If you were randomly re-experiencing all the sensations of past trauma (feeling genuinely threatened) you would want to try and figure out different ways to stay safe and avoid this kind of emotional suffering as life continued on. You would be hyper-vigilant towards things you perceived as potentially threatening. You would use all your brain power to think about ways to stay safe… hence experiencing so many thoughts.

But trying to “stay safe” doing all this cognitive (thinking) work becomes a very heavy emotional task since our thoughts are inseparably connected to our emotions. Indeed, whenever we are engaged in a thought process, the immediate consequence will be an emotion (or set of emotions).
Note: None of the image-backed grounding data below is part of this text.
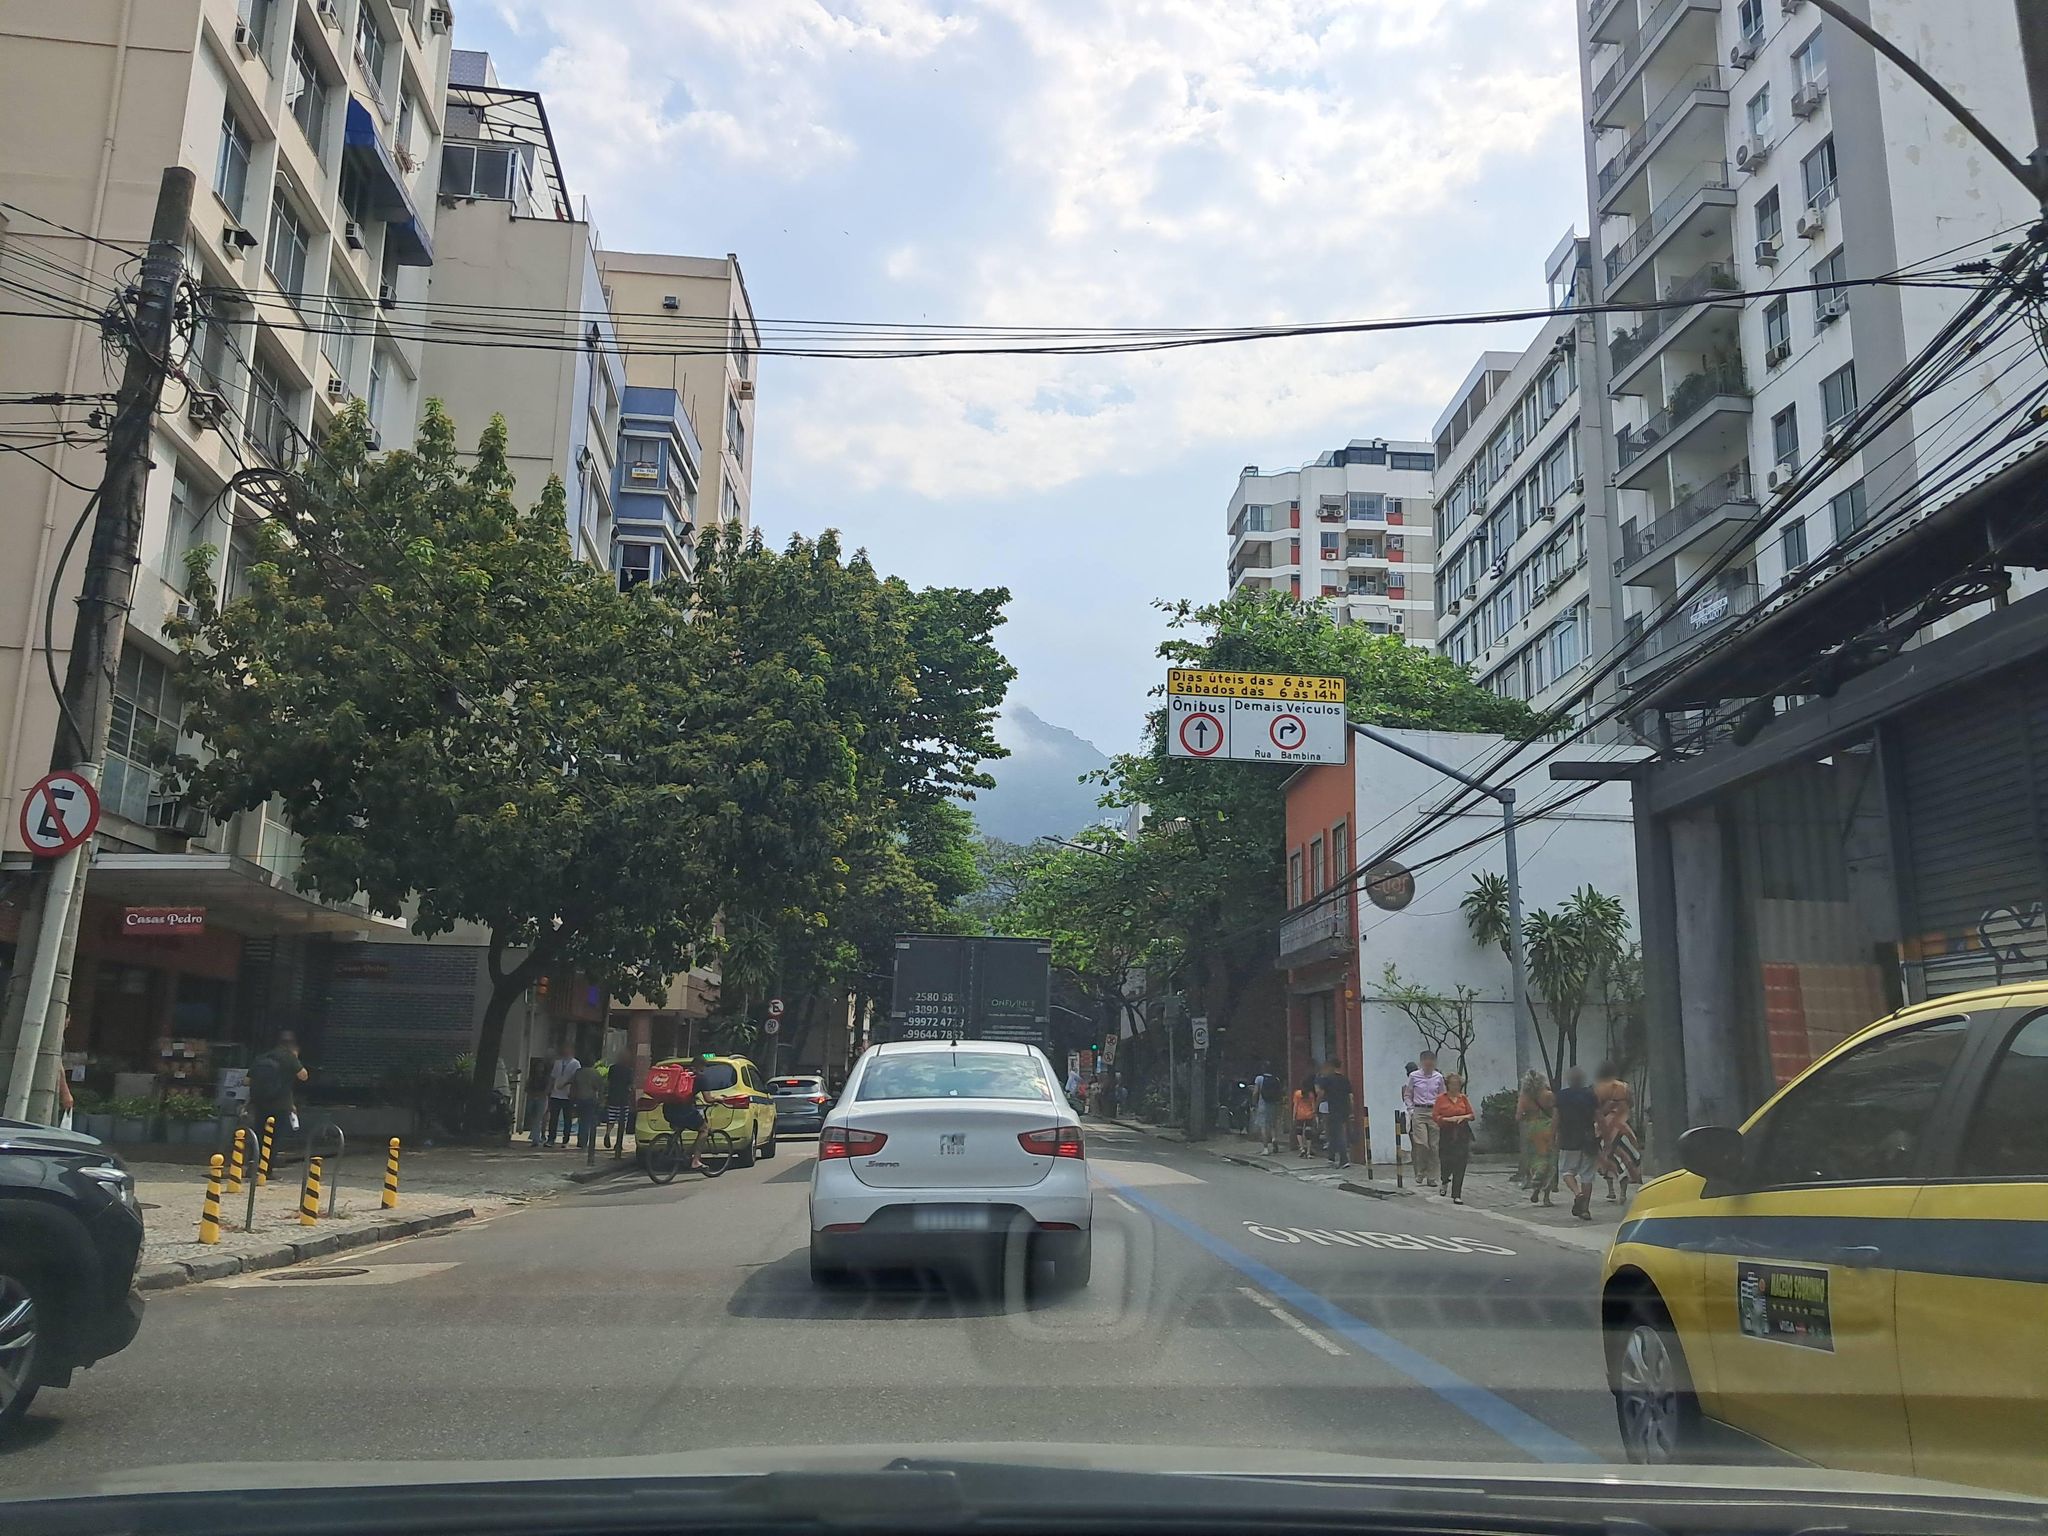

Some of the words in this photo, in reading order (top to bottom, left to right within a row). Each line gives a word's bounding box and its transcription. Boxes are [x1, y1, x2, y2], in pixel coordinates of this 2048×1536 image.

[1172, 671, 1203, 683] Dias
[1209, 673, 1245, 685] úteis
[1250, 675, 1274, 686] das
[1283, 677, 1292, 687] 6
[1297, 675, 1313, 689] às
[1318, 679, 1341, 690] 21h
[1176, 682, 1236, 695] Sábados
[1241, 685, 1265, 697] das
[1279, 688, 1288, 698] 6
[1293, 687, 1309, 699] às
[1314, 690, 1338, 700] 14h
[1172, 696, 1226, 713] Ônibus
[1234, 700, 1283, 713] Demais
[1254, 749, 1272, 759] Rua
[1281, 751, 1321, 761] Bambina
[126, 913, 165, 926] Casas
[167, 913, 203, 926] Pedro
[915, 992, 939, 1002] 2580
[908, 1017, 939, 1027] 99972
[907, 1029, 938, 1039] 99644
[865, 1160, 900, 1168] Siena
So if you perceived many things and people in your environment as potentially threatening, or believed you knew how things were going to unfold, you would tend to experience a combination of fear, anxious anticipation, plus whatever other emotions came from all these thoughts.

A “vicious circle” happens… 1) you anticipate hurtful things happening in the future, 2) you perceive hurtful things happening in the present, 3) you interact with your environment as though these hurtful things are actually happening, and 4) you experience events as painfully as you expected while interacting with the world (rejections from others, devaluations/put downs from others, avoidance from others, etc). This “vicious circle” of anticipation, perception, and reaction may very well include both re-experiencing (and reacting to) old trauma and possibly creating new trauma, over and over again.
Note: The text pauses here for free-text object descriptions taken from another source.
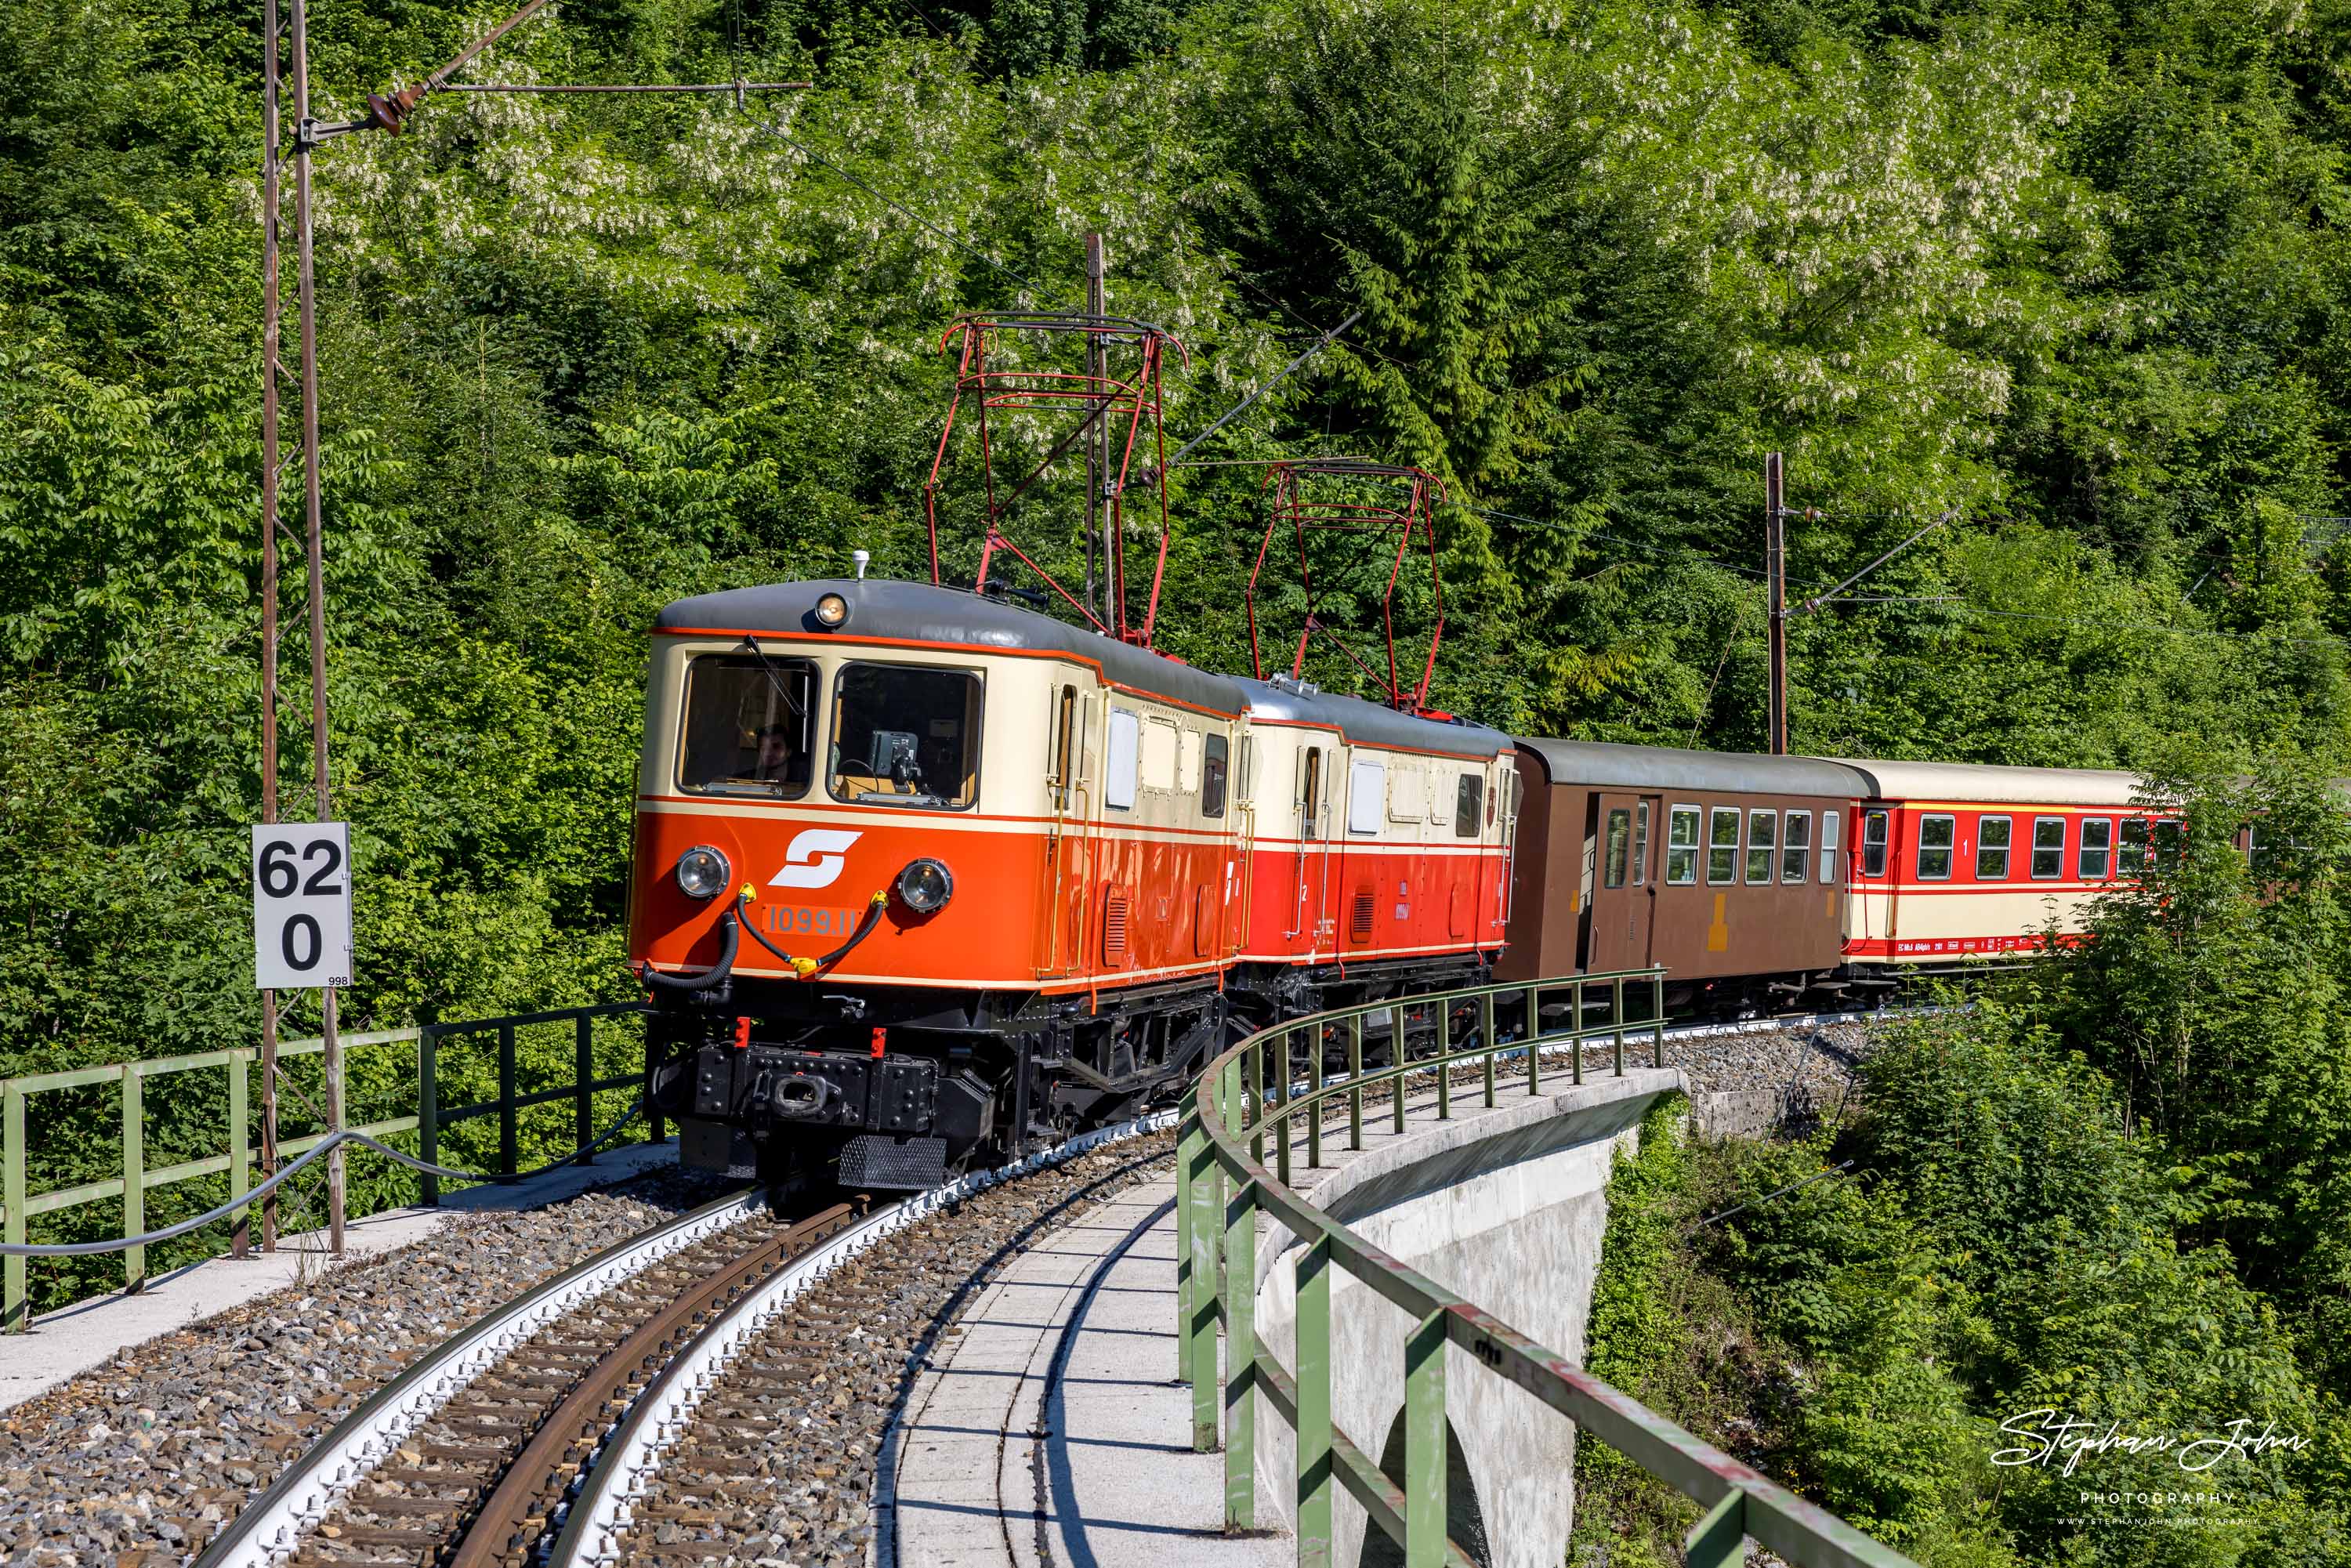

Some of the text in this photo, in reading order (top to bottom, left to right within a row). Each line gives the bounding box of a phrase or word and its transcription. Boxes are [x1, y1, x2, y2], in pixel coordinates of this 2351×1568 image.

[1963, 839, 1968, 856] 1
[259, 839, 342, 898] 62
[1302, 884, 1308, 902] 2
[770, 906, 855, 936] 1099.11
[282, 913, 322, 971] 0
[328, 977, 348, 986] 998
When there is little to no halting of the fight, flight, freeze system (as depicted above), it is no wonder that people with BPD can sometimes seem so extreme in their reactions… they really are suffering with a lot of repetitious physical/cognitive/emotional stress!

Understanding that you didn’t ask for things to be difficult in life is crucial to developing a willingness to continue moving forward with your learning. You aren’t “bad” because things have been difficult or dysfunctional at times, even though I completely understand how you could initially believe this to be true about yourself.
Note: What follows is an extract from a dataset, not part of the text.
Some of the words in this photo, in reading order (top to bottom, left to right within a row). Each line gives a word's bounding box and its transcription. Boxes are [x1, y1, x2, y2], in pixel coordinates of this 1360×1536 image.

Sometimes people without BPD expect people who suffer with BPD to have skills that were never developed in childhood. These “outsiders” are misguided and probably know little-to-nothing about the brain or mental health. You have permission to ignore the mental health ignorance that these “outsiders” sometimes pass off as truth!

Many of us are literally born with enhanced emotional sensitivity in our brain, and therefore, also have increased vulnerability for developing conditions like BPD. It isn’t necessarily a bad thing to be “neurologically unique” like this (to feel things so intensely, so deeply, and so often) but it does require certain training/understanding in order to balance, to function, and to thrive in your body as it is, and in the world as it is. I often compare mastering BPD to learning how to surf a large ocean wave, and that for some of us, this ability MUST be developed because nature has required it of us.

If you have ever participated in sports that require learning balance, you may recall that it can be frustrating to learn but exhilarating to continue once mastered. Likewise, I believe learning how to master BPD is all about finding the right balance within yourself, and that when you start mastering certain skills, you can then enjoy the life experience much more. If you would like to read further about how this balance in sports analogy can apply to BPD, click here to see my skateboarding article!

The important thing is having a willingness and strong desire to continue learning how to live in YOUR BODY. Do you remember a time when you really wanted (I mean REALLY wanted) to learn something new? This is the kind of motivation that is needed to master BPD and live a different life. Dig deep. Find your motivation!